• Saved entries
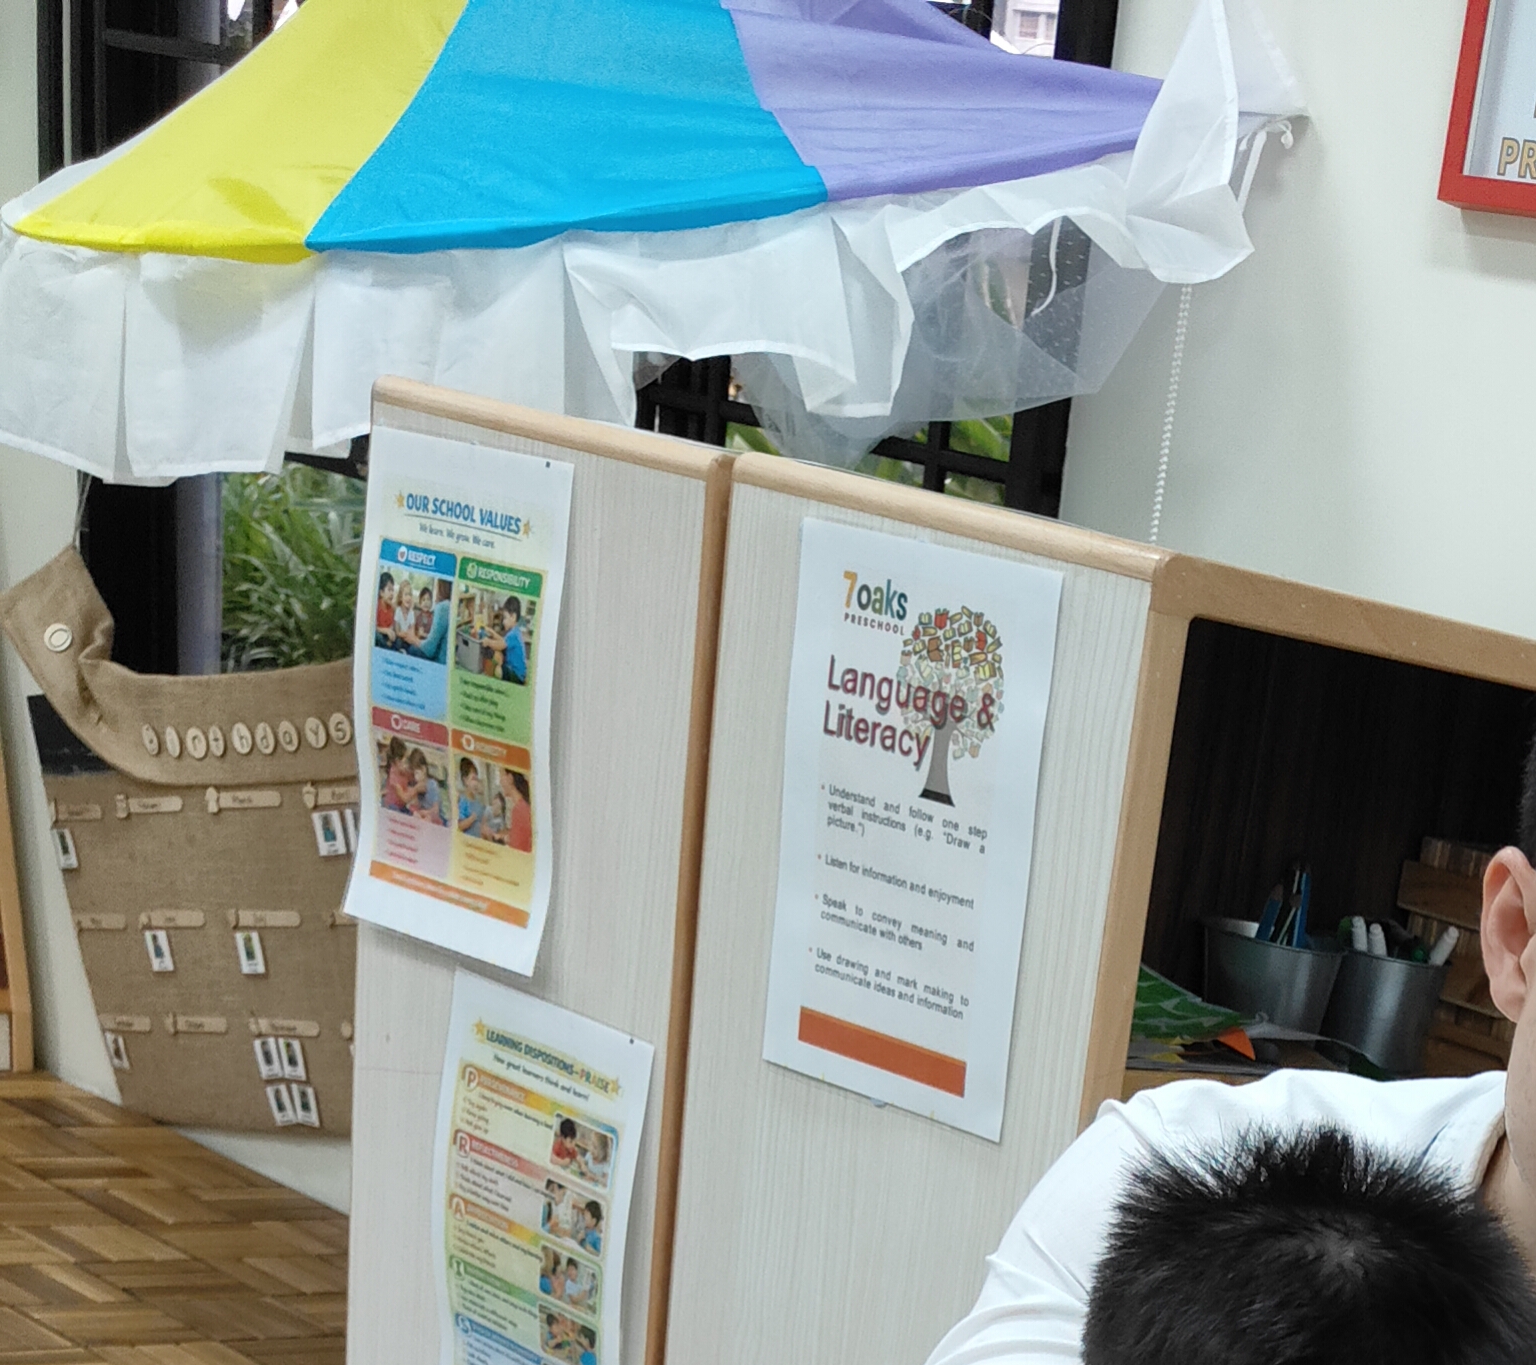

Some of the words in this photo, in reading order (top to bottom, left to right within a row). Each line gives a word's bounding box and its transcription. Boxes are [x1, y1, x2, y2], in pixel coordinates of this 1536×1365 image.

[406, 492, 430, 513] OUR
[431, 497, 476, 523] SCHOOL
[479, 507, 521, 535] VALUES
[843, 570, 908, 621] 7oaks
[844, 612, 905, 636] PRESCHOOL
[828, 654, 968, 730] Language
[976, 693, 995, 732] &
[823, 700, 930, 767] Literacy
[828, 801, 853, 816] verbal
[862, 809, 906, 832] instructions
[979, 844, 986, 854] a
[829, 784, 876, 807] Understand
[883, 801, 900, 815] and
[908, 806, 934, 823] follow
[942, 819, 959, 831] one
[968, 825, 988, 841] step
[825, 854, 847, 871] Listen
[849, 861, 860, 874] for
[862, 864, 907, 889] information
[909, 882, 926, 895] and
[928, 886, 974, 910] enjoyment
[820, 909, 877, 936] communicate
[879, 928, 896, 942] with
[898, 934, 922, 950] others
[822, 893, 847, 912] Speak
[855, 905, 863, 916] to
[872, 911, 902, 930] convey
[911, 924, 948, 946] meaning
[957, 938, 974, 952] and
[815, 962, 871, 989] communicate
[873, 981, 895, 998] ideas
[897, 991, 915, 1005] and
[917, 995, 964, 1020] information
[817, 947, 832, 962] Use
[836, 954, 869, 976] drawing
[874, 968, 891, 981] and
[897, 975, 918, 990] mark
[923, 983, 954, 1005] making
[960, 995, 969, 1007] to
[486, 1029, 523, 1053] LEARNING

• Activity
No images belong in the copy. Transcribe every record exactly.

• Answer space
Some of the words in this photo, in reading order (top to bottom, left to right within a row). Each line gives a word's bounding box and its transcription. Boxes are [x1, y1, x2, y2], in pixel coordinates of this 1536×1365 image.

[406, 492, 430, 513] OUR
[431, 497, 476, 523] SCHOOL
[479, 507, 521, 535] VALUES
[843, 570, 908, 621] 7oaks
[844, 612, 905, 636] PRESCHOOL
[828, 654, 968, 730] Language
[976, 693, 995, 732] &
[823, 700, 930, 767] Literacy
[828, 801, 853, 816] verbal
[862, 809, 906, 832] instructions
[979, 844, 986, 854] a
[829, 784, 876, 807] Understand
[883, 801, 900, 815] and
[908, 806, 934, 823] follow
[942, 819, 959, 831] one
[968, 825, 988, 841] step
[825, 854, 847, 871] Listen
[849, 861, 860, 874] for
[862, 864, 907, 889] information
[909, 882, 926, 895] and
[928, 886, 974, 910] enjoyment
[820, 909, 877, 936] communicate
[879, 928, 896, 942] with
[898, 934, 922, 950] others
[822, 893, 847, 912] Speak
[855, 905, 863, 916] to
[872, 911, 902, 930] convey
[911, 924, 948, 946] meaning
[957, 938, 974, 952] and
[815, 962, 871, 989] communicate
[873, 981, 895, 998] ideas
[897, 991, 915, 1005] and
[917, 995, 964, 1020] information
[817, 947, 832, 962] Use
[836, 954, 869, 976] drawing
[874, 968, 891, 981] and
[897, 975, 918, 990] mark
[923, 983, 954, 1005] making
[960, 995, 969, 1007] to
[486, 1029, 523, 1053] LEARNING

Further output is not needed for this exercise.